I started here because the agents were drifting. I would ask for one thing and get something next to it. A fix in one spot, the same bug still alive three spots over. They were guessing where I had not been clear, and they guess like anyone guesses: fast, confident, wrong.

So I stopped adding features and started sharpening the words. I write down what “done” actually means. I write down yesterday’s mistake so it does not come back tomorrow. I tell them where to stop and what to prove before they call something finished.

The rulebook the agents read before every change
Not features — instructions. The rulebook the agents read before they touch anything: what 'done' means, where to stop, what to prove first.

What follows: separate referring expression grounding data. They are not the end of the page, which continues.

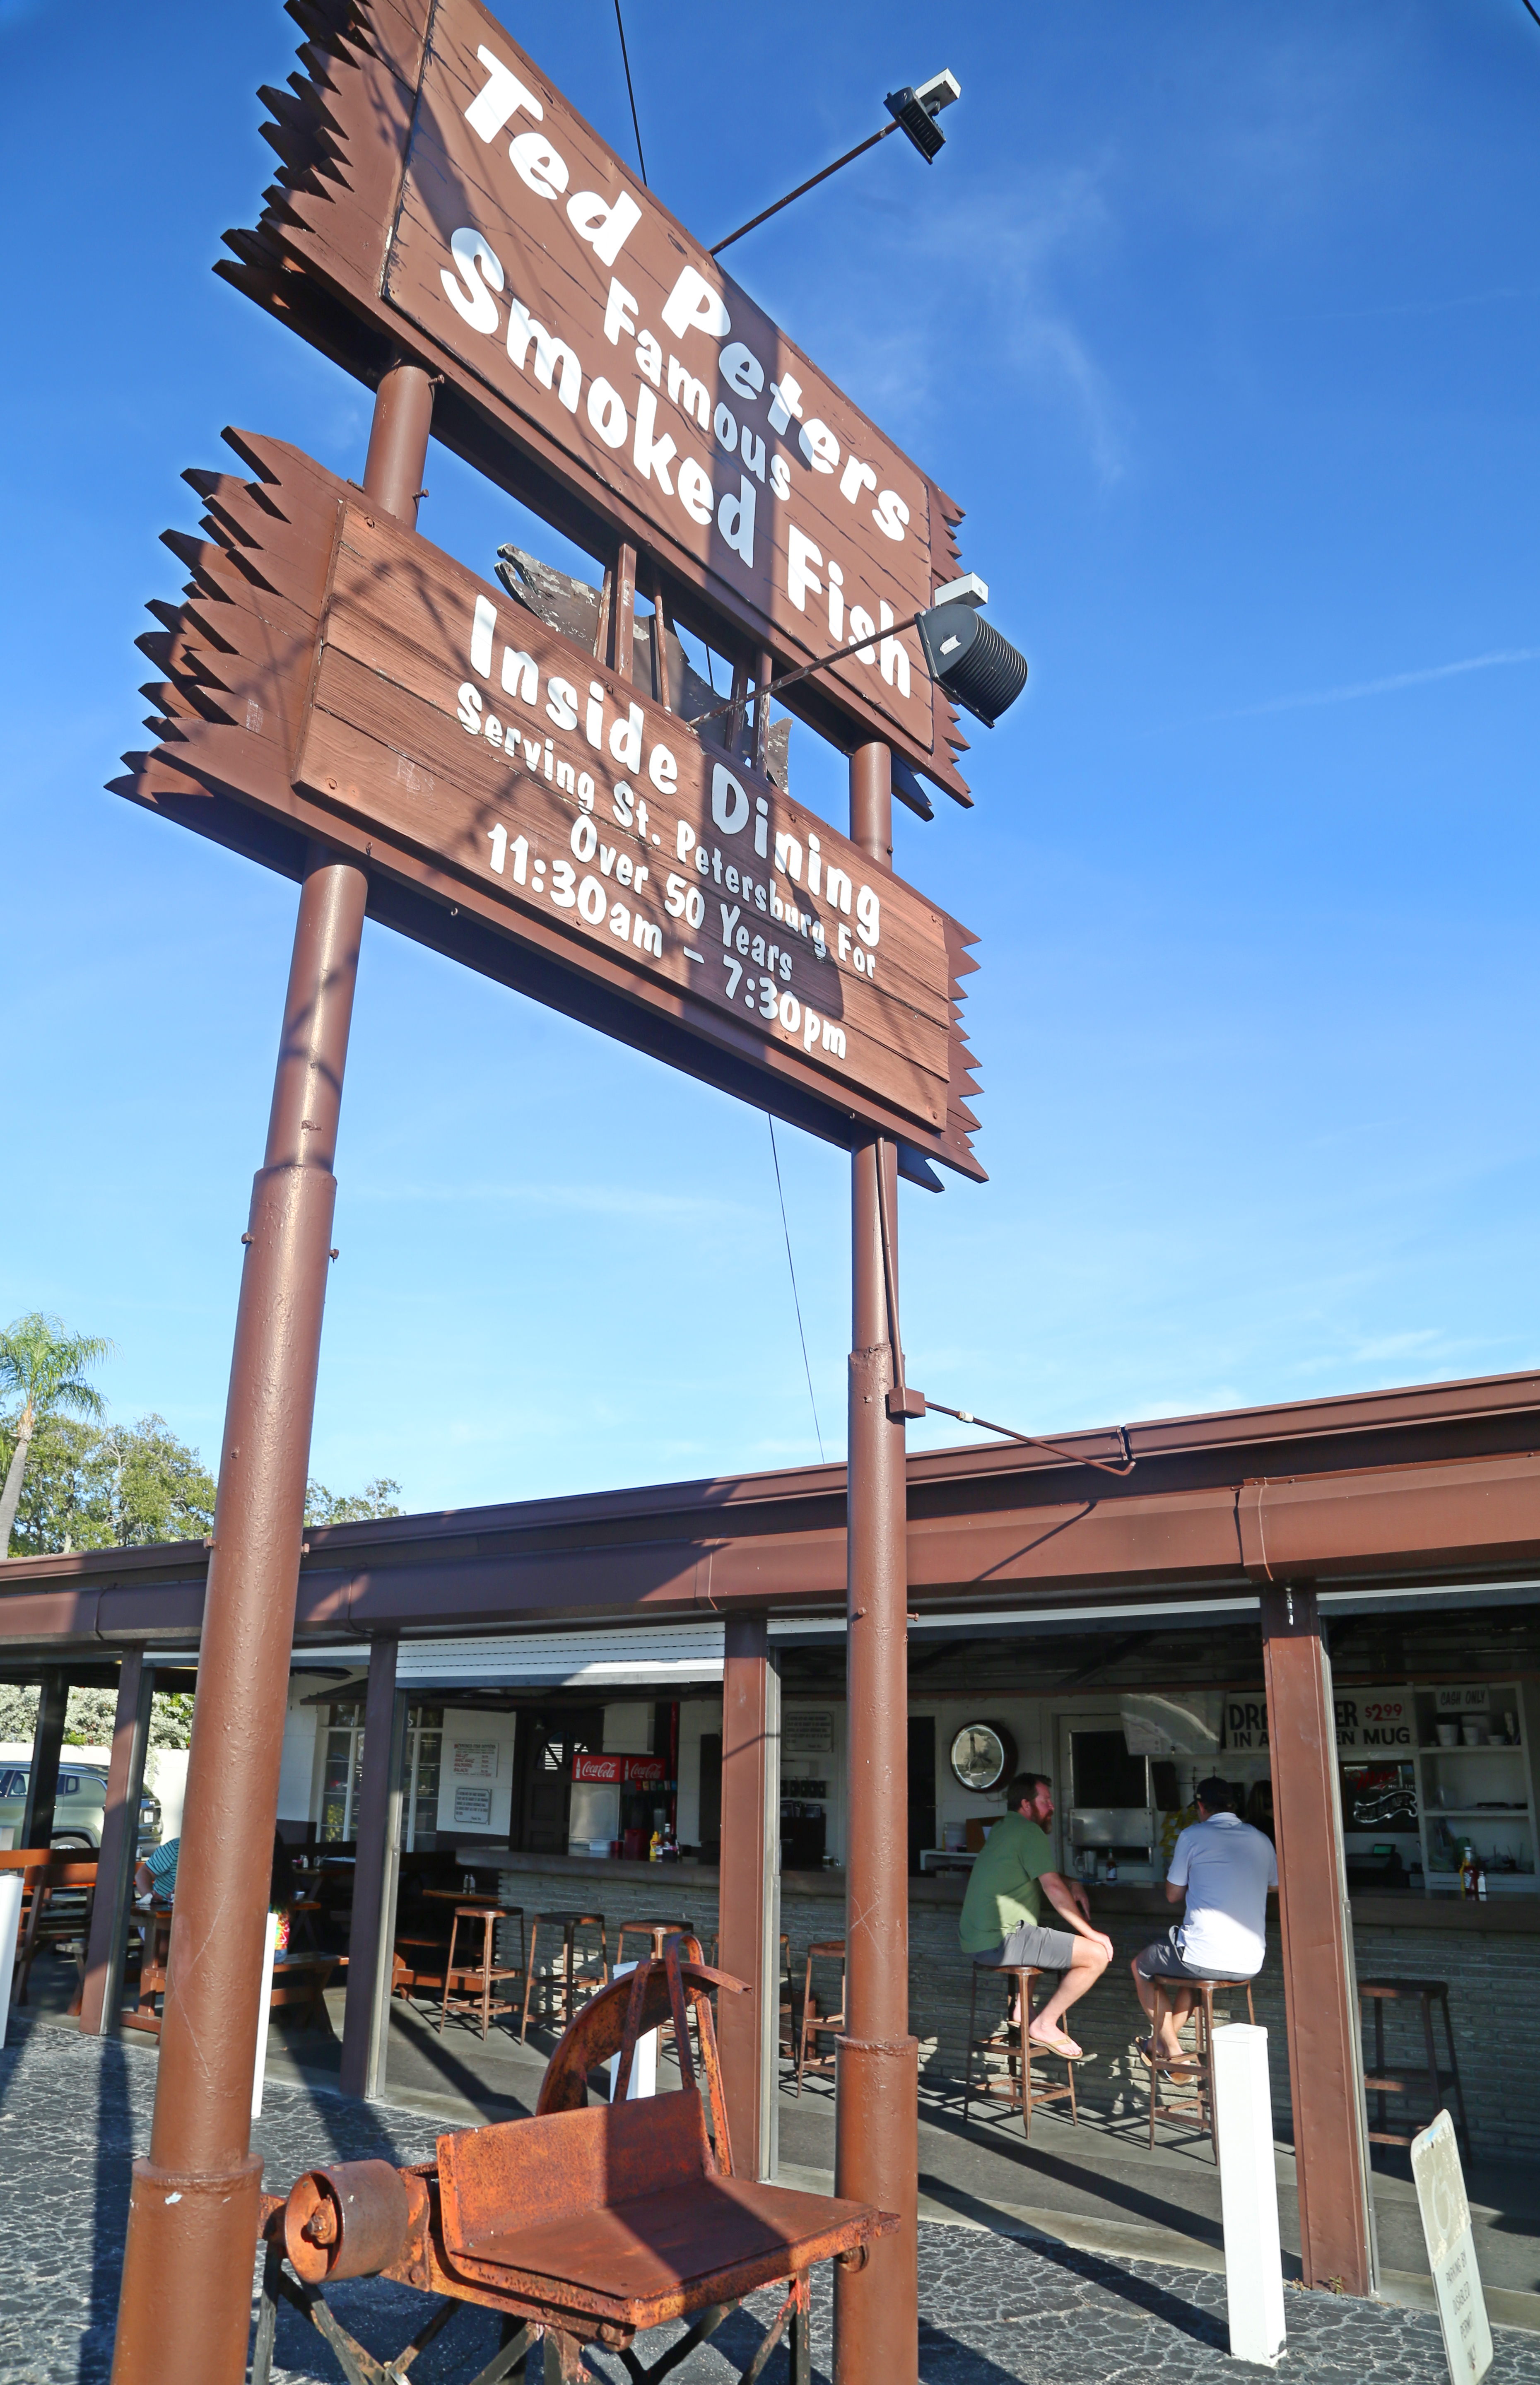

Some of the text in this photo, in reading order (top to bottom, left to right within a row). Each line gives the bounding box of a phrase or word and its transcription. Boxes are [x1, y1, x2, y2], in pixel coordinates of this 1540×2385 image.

[464, 44, 910, 542] Ted Peters
[603, 276, 790, 501] Famous
[440, 227, 911, 699] Smoked Fish
[457, 682, 876, 979] Serving St. Petersburg For
[470, 595, 881, 948] Inside Dining
[487, 822, 663, 959] 11:30am
[723, 954, 847, 1060] 7:30pm
[570, 814, 793, 981] Over 50 Years
[1234, 1732, 1252, 1747] IN
[1363, 1727, 1411, 1745] MUG
[1440, 1689, 1486, 1706] CASH ONLY

The rules read like plain sense once they exist. The work is noticing the gap in the first place, then writing the one line that closes it.

Vague instructions
Loose rules, no memory of last time. The agents drift and guess.
Sharp instructions
Clear rules and captured lessons. The agents land it.

The change is not subtle. The same agents, the same model. Give them clearer words and they land the work the first time. I am not making them more powerful. I am making them less confused.

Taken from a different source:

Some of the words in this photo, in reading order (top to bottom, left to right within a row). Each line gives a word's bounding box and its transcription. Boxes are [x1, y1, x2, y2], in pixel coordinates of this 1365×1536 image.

The model is a fraction of the result. The quality lives in how clearly I tell them what to do.

Hours of this. Reading what they produced, finding the gap, writing the rule that closes it. It is the least glamorous thing I do all month. It is also where the jump in quality comes from.

I keep waiting for it to feel like wasted time. It never does. There are twenty-six of these rules now, and every one of them started as a mistake I got tired of seeing twice. Each one I write once saves me the same correction a hundred times.


 

Learnings

I came in thinking the leverage was the model. It is not. The model was already good enough. What was missing was a clear definition of good, written down where the agents could read it, plus a memory of what they got wrong last time so they stopped repeating it.

The boring work is the high-leverage work. Writing the rules, sharpening what “done” means, capturing each lesson once. I avoided it because it is unglamorous and slow. The week I finally sat down and did it is the week the output got noticeably better, with nothing else changed.